In court proceedings, a defendant is a person or object who is the party either accused of committing a crime in criminal prosecution or against whom some type of civil relief is being sought in a civil case.

Terminology varies from one jurisdiction to another. In Scots law, the terms "accused" or "panel" are used instead in criminal proceedings and "defender" in civil proceedings. Another term in use is "respondent".

==Criminal defendants==
In a criminal trial, a defendant is a person accused (charged) of committing an offense (a crime; an act defined as punishable under criminal law). The other party to a criminal trial is usually a public prosecutor, but in some jurisdictions, private prosecutions are allowed.

Criminal defendants are often taken into custody by police and brought before a court under an arrest warrant. Criminal defendants are usually obliged to post bail before being released from custody. For serious cases, such as murder, bail may be refused. Defendants must be present at every stage of the proceedings against them. (There is an exception for very minor cases such as traffic offenses in jurisdictions that treat them as crimes.)

If more than one person is accused, the people may be referred as "co-defendant" or "co-conspirator" in English and common law courts.

In some jurisdictions, vulnerable defendants may be able to access the services of a non-registered intermediary to assist with communication at court.

==Civil defendants==
In a civil lawsuit, a defendant (or a respondent) is also the accused party, although not of an offense, but of a civil wrong (a tort or a breach of contract, for instance). The person who starts the civil action through filing a complaint is referred to as the plaintiff (also known as the appellant).

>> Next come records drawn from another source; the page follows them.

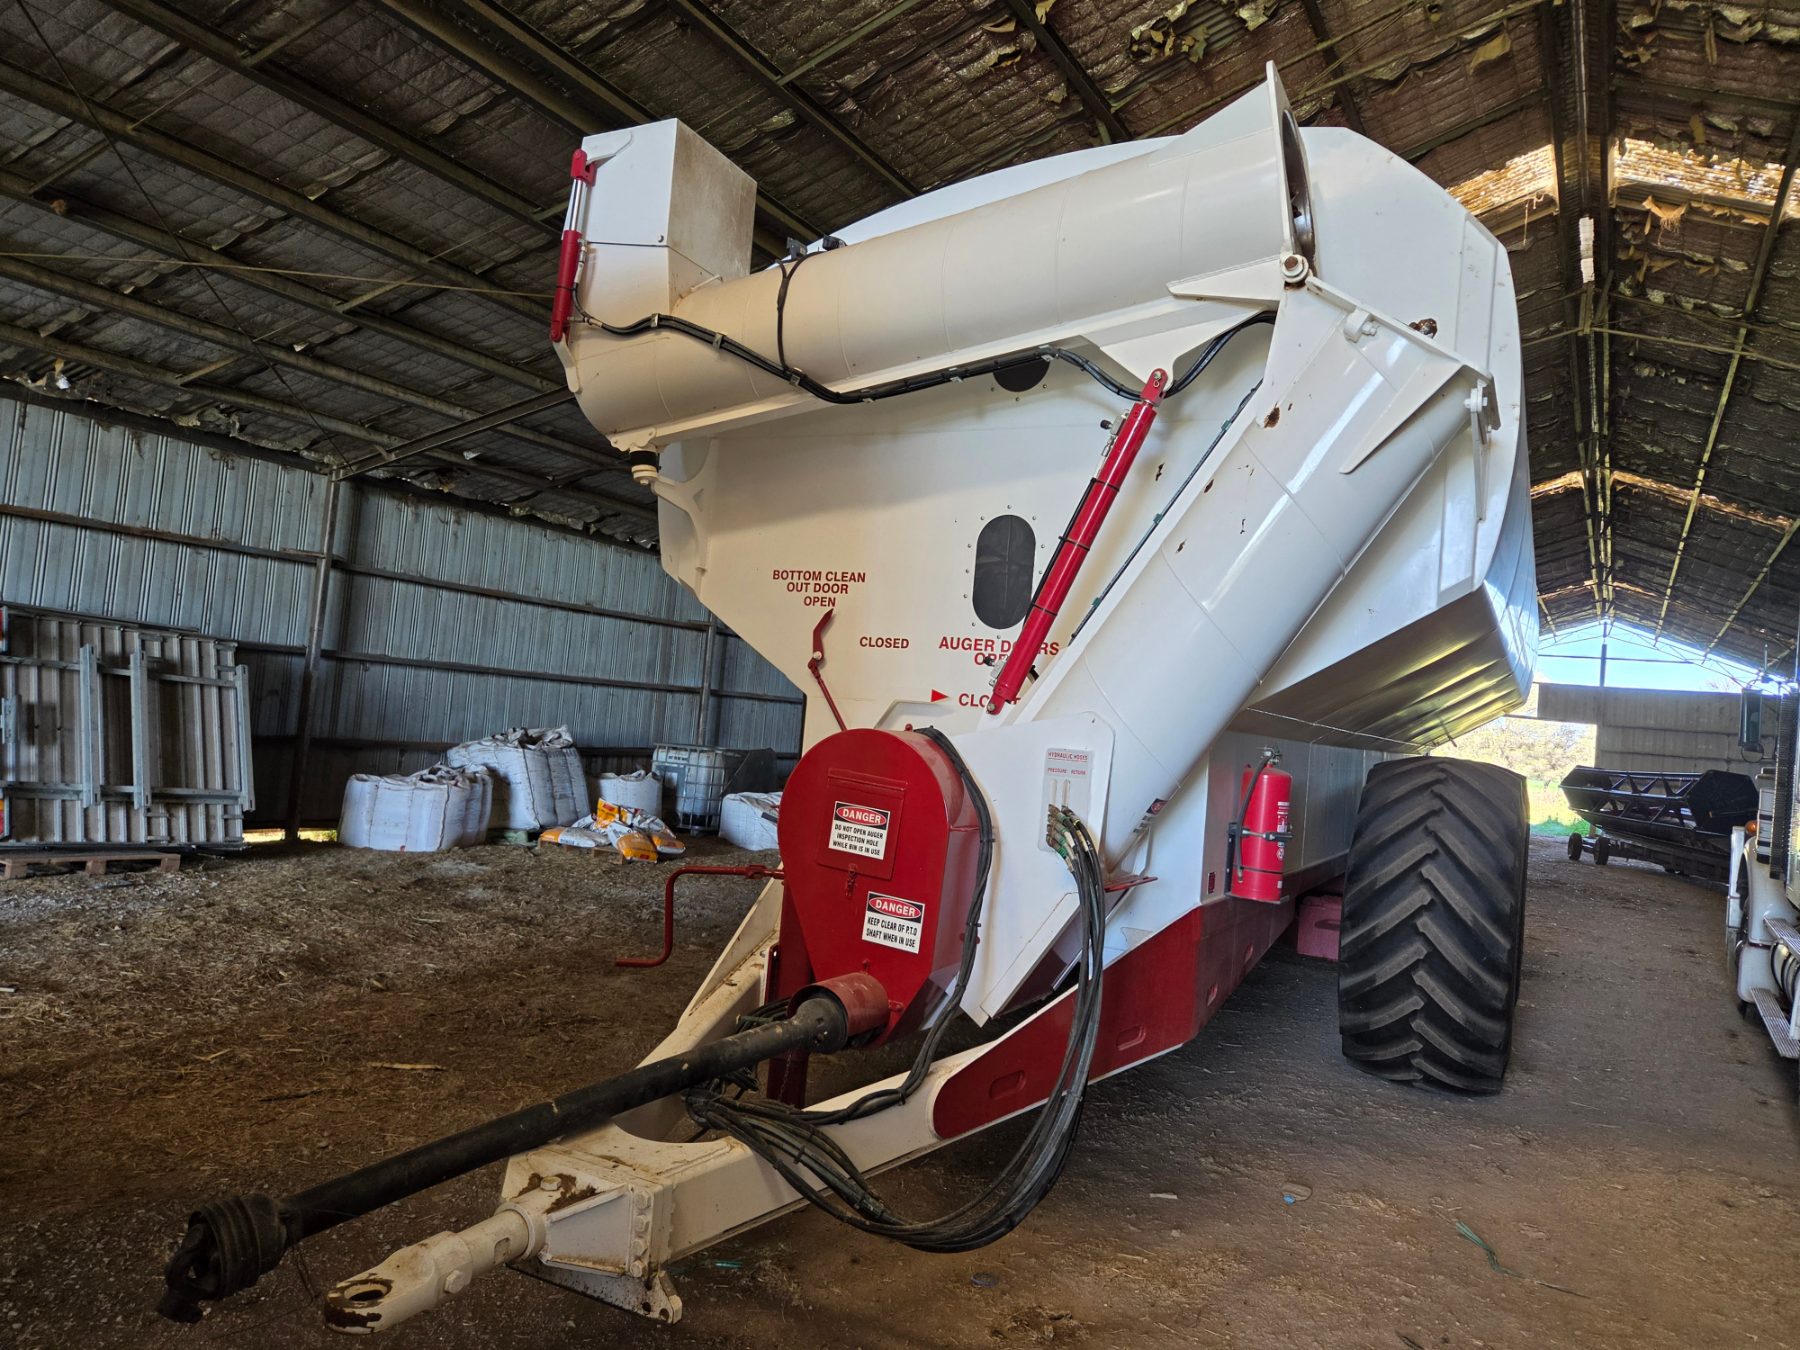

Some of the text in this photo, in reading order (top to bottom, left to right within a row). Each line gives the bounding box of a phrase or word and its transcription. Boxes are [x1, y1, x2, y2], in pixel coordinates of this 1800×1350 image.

[773, 570, 866, 583] BOTTOM CLEAN
[787, 582, 849, 594] OUT DOOR
[803, 596, 836, 607] OPEN
[859, 636, 910, 649] CLOSED
[939, 636, 1060, 656] AUGER DRS
[842, 808, 882, 824] DANGER
[836, 832, 879, 847] INSPECTION HOLE
[843, 825, 853, 833] NOT
[853, 827, 867, 836] OPEN
[867, 830, 884, 840] AUGER
[833, 840, 848, 849] WHILE
[849, 843, 858, 851] BIN
[875, 899, 916, 917] DANGER
[868, 916, 880, 926] KEEP
[880, 920, 897, 931] CLEAR
[898, 923, 906, 933] OF
[866, 928, 916, 948] SHAFT WHEN IN USE

Defendants in civil actions usually make their first court appearance voluntarily in response to a summons. Historically, civil defendants could be taken into custody under a writ of capias ad respondendum. Modern-day civil defendants are usually able to avoid most (if not all) court appearances if represented by a lawyer.

Most often and familiarly, defendants are persons: either natural persons (actual human beings) or juridical persons (persona fiction) under the legal fiction of treating organizations as persons. But a defendant may be an object, in which case the object itself is the direct subject of the action. When a court has jurisdiction over an object, it is said to have jurisdiction in rem. An example of an in rem case is United States v. Forty Barrels and Twenty Kegs of Coca-Cola (1916), where the defendant was not the Coca-Cola Company itself, but rather "Forty Barrels and Twenty Kegs of Coca-Cola". In current United States legal practice, in rem suits are primarily asset forfeiture cases, based on drug laws, as in USA v. $124,700 (2006).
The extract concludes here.